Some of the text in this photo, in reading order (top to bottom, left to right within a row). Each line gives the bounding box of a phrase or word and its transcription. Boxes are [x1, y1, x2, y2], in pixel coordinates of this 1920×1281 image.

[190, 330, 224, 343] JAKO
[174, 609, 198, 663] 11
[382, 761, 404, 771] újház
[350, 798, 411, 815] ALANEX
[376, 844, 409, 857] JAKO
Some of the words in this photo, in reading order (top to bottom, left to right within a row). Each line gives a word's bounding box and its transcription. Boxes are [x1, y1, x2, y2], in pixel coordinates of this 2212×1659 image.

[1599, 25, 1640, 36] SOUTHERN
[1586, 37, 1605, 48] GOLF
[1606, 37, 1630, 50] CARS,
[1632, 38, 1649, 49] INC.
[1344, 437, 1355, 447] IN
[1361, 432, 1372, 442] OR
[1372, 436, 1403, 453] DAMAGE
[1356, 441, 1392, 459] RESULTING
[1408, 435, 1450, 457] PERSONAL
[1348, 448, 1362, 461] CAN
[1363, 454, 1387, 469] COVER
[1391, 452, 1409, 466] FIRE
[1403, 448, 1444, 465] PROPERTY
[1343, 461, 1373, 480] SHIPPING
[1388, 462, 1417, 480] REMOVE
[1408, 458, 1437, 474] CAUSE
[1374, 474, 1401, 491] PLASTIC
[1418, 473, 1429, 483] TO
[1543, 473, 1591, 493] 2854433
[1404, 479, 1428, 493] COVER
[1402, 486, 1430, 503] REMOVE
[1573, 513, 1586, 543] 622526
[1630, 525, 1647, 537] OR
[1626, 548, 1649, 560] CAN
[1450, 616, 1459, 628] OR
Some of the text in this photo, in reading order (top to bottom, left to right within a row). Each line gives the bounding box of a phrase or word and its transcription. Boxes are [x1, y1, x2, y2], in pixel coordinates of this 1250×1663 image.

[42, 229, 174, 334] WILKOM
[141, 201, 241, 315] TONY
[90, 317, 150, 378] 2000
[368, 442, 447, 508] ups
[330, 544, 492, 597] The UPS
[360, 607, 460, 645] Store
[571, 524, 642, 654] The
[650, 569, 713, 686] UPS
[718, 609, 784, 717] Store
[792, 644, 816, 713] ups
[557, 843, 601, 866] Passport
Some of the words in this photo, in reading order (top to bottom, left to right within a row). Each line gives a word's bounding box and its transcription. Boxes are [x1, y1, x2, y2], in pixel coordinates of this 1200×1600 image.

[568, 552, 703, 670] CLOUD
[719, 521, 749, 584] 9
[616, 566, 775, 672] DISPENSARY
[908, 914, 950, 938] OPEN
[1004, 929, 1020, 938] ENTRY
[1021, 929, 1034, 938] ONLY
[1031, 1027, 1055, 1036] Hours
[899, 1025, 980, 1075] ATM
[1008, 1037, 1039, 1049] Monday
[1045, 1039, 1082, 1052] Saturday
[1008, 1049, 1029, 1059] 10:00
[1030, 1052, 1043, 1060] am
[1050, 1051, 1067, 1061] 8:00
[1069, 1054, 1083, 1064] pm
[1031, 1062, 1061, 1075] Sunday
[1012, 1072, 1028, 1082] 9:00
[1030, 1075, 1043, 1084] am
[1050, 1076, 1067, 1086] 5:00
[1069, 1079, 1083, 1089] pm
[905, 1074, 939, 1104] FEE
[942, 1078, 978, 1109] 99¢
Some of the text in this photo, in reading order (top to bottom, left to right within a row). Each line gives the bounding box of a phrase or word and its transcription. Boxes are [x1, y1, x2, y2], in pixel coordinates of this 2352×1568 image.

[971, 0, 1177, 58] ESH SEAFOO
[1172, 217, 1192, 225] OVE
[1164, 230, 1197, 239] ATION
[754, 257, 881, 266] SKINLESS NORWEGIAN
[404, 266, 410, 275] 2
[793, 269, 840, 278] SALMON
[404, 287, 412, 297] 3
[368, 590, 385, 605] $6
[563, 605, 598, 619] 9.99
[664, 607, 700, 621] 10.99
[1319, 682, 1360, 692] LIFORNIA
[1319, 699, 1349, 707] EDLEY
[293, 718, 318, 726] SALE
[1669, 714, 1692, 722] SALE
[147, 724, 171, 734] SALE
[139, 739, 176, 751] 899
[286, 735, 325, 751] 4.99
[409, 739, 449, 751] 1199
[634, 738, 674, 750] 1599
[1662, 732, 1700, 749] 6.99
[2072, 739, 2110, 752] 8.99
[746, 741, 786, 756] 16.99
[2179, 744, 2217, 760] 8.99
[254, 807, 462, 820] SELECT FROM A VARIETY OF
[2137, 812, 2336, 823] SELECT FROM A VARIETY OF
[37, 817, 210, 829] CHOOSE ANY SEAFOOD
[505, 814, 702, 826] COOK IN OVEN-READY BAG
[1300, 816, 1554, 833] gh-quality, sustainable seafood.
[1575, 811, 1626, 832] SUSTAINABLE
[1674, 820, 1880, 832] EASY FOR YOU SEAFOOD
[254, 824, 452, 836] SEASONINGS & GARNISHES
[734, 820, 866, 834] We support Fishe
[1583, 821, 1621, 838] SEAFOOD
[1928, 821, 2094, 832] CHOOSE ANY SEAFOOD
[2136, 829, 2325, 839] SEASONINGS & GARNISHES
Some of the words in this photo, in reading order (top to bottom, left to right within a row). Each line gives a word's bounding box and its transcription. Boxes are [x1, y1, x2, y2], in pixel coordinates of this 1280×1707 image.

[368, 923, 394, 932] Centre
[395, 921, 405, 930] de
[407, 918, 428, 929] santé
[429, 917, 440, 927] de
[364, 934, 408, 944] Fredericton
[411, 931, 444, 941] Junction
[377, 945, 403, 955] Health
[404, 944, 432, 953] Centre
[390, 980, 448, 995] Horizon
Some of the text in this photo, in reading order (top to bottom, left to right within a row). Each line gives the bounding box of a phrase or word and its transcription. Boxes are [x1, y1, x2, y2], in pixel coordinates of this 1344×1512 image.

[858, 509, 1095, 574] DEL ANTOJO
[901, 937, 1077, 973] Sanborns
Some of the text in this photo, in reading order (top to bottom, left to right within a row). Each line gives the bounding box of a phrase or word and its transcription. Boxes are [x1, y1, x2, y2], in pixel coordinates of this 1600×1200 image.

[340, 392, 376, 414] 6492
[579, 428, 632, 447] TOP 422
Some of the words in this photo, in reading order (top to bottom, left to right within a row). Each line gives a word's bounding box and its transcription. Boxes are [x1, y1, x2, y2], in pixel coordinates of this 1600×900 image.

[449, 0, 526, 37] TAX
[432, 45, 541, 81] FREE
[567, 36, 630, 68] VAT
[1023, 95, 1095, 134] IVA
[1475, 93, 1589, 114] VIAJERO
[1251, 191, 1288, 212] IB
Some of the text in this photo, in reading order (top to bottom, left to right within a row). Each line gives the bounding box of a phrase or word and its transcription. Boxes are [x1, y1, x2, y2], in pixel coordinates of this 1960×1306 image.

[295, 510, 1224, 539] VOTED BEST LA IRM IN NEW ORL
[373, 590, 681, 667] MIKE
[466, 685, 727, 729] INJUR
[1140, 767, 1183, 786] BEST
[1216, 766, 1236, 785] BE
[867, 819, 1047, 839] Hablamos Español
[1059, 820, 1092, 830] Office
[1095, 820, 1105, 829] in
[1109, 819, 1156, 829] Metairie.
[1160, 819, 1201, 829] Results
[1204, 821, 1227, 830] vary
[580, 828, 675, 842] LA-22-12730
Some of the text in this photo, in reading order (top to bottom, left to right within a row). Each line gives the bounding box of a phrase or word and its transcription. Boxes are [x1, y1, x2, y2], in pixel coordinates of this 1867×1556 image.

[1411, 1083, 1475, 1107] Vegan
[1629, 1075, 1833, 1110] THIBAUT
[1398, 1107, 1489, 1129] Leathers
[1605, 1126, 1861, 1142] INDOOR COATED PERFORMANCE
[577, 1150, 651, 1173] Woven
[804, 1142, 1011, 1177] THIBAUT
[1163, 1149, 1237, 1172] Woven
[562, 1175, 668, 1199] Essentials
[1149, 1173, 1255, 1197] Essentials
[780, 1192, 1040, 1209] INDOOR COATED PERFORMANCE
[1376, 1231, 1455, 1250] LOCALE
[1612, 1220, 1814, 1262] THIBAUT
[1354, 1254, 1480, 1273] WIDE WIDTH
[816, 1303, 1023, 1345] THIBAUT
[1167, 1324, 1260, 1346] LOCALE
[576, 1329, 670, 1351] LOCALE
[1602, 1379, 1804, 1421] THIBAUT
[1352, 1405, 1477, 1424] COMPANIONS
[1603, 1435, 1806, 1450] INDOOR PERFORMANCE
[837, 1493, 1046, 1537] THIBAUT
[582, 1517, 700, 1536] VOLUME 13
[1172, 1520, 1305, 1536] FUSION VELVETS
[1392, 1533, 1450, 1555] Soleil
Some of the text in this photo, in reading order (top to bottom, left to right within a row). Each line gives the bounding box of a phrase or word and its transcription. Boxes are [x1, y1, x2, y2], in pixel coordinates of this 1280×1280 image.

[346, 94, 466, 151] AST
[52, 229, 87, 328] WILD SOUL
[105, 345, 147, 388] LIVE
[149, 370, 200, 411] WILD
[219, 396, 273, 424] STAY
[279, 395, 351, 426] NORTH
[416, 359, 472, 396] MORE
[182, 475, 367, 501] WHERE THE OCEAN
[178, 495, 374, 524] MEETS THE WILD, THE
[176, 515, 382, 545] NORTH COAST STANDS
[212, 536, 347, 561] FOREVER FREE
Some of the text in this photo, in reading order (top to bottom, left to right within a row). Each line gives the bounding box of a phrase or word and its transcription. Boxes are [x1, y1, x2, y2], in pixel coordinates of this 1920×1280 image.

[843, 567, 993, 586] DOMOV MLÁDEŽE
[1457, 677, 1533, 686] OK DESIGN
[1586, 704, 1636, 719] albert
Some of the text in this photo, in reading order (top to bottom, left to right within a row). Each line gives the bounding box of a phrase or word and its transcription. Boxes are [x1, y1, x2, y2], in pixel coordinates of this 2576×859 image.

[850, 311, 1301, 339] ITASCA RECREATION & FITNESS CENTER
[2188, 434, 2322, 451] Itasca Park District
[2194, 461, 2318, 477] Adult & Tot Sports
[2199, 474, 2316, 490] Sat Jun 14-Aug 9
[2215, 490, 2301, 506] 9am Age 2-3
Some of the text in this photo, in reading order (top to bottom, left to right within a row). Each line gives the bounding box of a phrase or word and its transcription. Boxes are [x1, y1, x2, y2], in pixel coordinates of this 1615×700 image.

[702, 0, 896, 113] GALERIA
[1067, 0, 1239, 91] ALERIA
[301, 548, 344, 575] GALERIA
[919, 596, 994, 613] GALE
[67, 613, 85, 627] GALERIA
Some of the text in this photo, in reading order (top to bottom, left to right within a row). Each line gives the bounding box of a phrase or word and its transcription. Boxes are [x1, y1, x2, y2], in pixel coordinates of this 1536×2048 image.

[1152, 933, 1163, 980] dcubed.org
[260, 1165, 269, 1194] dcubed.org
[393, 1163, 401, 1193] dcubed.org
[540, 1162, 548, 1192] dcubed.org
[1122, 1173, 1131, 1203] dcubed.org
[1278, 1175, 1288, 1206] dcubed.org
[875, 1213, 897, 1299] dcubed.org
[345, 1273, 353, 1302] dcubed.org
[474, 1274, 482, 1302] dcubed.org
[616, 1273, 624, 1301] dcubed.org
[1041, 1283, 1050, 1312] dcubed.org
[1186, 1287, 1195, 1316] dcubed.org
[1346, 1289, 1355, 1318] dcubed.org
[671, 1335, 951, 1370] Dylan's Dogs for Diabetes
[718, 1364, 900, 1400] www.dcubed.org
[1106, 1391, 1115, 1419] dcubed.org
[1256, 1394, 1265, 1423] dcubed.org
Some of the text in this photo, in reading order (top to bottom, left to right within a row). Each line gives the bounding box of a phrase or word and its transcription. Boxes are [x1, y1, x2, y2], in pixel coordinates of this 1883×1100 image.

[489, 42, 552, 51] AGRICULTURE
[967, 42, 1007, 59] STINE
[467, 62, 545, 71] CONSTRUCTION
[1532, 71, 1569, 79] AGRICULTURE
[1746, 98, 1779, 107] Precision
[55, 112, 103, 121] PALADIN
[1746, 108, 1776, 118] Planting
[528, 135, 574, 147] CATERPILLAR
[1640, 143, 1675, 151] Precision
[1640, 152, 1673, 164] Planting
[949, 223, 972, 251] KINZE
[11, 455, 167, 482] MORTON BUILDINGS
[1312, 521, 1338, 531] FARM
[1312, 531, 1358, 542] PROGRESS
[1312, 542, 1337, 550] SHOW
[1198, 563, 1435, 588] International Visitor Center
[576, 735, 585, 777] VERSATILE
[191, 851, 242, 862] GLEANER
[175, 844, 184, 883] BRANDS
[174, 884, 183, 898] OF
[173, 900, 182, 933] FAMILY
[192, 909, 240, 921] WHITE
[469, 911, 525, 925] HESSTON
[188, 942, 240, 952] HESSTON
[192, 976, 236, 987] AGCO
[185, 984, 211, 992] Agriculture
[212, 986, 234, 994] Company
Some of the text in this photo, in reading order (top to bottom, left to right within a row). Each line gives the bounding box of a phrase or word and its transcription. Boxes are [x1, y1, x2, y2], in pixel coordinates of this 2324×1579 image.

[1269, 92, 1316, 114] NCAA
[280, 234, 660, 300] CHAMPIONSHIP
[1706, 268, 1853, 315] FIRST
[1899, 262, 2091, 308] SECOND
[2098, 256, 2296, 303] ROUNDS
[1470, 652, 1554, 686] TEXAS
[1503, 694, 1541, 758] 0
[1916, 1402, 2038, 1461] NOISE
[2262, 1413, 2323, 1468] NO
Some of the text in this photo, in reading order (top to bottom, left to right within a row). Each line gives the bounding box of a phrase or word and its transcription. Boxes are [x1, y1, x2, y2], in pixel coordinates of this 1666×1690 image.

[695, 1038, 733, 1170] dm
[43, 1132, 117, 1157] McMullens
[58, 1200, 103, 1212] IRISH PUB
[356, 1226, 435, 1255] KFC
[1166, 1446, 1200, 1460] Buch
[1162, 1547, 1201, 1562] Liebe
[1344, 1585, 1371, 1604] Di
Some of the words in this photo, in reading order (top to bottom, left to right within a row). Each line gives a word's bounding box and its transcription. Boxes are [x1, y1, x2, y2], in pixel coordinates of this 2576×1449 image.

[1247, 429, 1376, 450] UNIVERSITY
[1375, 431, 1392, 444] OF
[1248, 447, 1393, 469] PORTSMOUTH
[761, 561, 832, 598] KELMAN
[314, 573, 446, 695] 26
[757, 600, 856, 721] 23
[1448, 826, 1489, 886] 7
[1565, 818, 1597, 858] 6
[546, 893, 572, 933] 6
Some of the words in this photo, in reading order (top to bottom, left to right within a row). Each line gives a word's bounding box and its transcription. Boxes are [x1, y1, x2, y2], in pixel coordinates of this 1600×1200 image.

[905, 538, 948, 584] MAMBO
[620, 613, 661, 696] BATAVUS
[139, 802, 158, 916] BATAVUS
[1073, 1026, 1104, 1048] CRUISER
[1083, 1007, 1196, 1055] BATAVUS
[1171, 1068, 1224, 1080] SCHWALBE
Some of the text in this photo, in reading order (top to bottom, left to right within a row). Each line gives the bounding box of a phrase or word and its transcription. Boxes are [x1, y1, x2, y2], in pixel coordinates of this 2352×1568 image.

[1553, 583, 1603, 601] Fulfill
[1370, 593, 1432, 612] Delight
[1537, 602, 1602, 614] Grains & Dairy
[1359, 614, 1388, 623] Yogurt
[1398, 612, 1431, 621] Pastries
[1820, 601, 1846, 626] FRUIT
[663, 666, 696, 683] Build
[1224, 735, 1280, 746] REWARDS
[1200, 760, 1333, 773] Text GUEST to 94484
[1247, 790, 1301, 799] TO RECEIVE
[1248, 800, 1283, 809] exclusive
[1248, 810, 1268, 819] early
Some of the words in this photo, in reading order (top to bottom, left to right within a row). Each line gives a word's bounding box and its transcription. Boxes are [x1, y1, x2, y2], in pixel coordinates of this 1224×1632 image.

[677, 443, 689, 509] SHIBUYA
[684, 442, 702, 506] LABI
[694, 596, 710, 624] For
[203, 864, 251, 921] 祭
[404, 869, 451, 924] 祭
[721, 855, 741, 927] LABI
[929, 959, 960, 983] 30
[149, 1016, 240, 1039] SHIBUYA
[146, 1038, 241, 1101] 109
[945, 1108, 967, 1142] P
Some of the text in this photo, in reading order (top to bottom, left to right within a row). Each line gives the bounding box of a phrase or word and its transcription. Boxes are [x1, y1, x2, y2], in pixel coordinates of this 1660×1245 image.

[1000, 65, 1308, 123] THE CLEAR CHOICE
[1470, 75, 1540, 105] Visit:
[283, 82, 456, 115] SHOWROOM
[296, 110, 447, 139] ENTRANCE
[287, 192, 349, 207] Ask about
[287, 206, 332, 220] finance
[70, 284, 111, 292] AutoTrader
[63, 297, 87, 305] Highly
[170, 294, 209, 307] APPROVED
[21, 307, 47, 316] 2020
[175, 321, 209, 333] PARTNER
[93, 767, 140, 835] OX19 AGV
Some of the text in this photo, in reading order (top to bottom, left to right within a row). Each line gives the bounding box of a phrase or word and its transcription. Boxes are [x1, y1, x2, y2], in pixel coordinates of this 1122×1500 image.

__Task instructions__.
The reply must consist solely of the lines from the one containing "this 1224×1632 image." through the last line in the material above, reproduced exactly.

__Final answer__.
Some of the words in this photo, in reading order (top to bottom, left to right within a row). Each line gives a word's bounding box and its transcription. Boxes are [x1, y1, x2, y2], in pixel coordinates of this 1224×1632 image.

[677, 443, 689, 509] SHIBUYA
[684, 442, 702, 506] LABI
[694, 596, 710, 624] For
[203, 864, 251, 921] 祭
[404, 869, 451, 924] 祭
[721, 855, 741, 927] LABI
[929, 959, 960, 983] 30
[149, 1016, 240, 1039] SHIBUYA
[146, 1038, 241, 1101] 109
[945, 1108, 967, 1142] P
Some of the text in this photo, in reading order (top to bottom, left to right within a row). Each line gives the bounding box of a phrase or word and its transcription. Boxes are [x1, y1, x2, y2], in pixel coordinates of this 1660×1245 image.

[1000, 65, 1308, 123] THE CLEAR CHOICE
[1470, 75, 1540, 105] Visit:
[283, 82, 456, 115] SHOWROOM
[296, 110, 447, 139] ENTRANCE
[287, 192, 349, 207] Ask about
[287, 206, 332, 220] finance
[70, 284, 111, 292] AutoTrader
[63, 297, 87, 305] Highly
[170, 294, 209, 307] APPROVED
[21, 307, 47, 316] 2020
[175, 321, 209, 333] PARTNER
[93, 767, 140, 835] OX19 AGV
Some of the text in this photo, in reading order (top to bottom, left to right within a row). Each line gives the bounding box of a phrase or word and its transcription. Boxes are [x1, y1, x2, y2], in pixel coordinates of this 1122×1500 image.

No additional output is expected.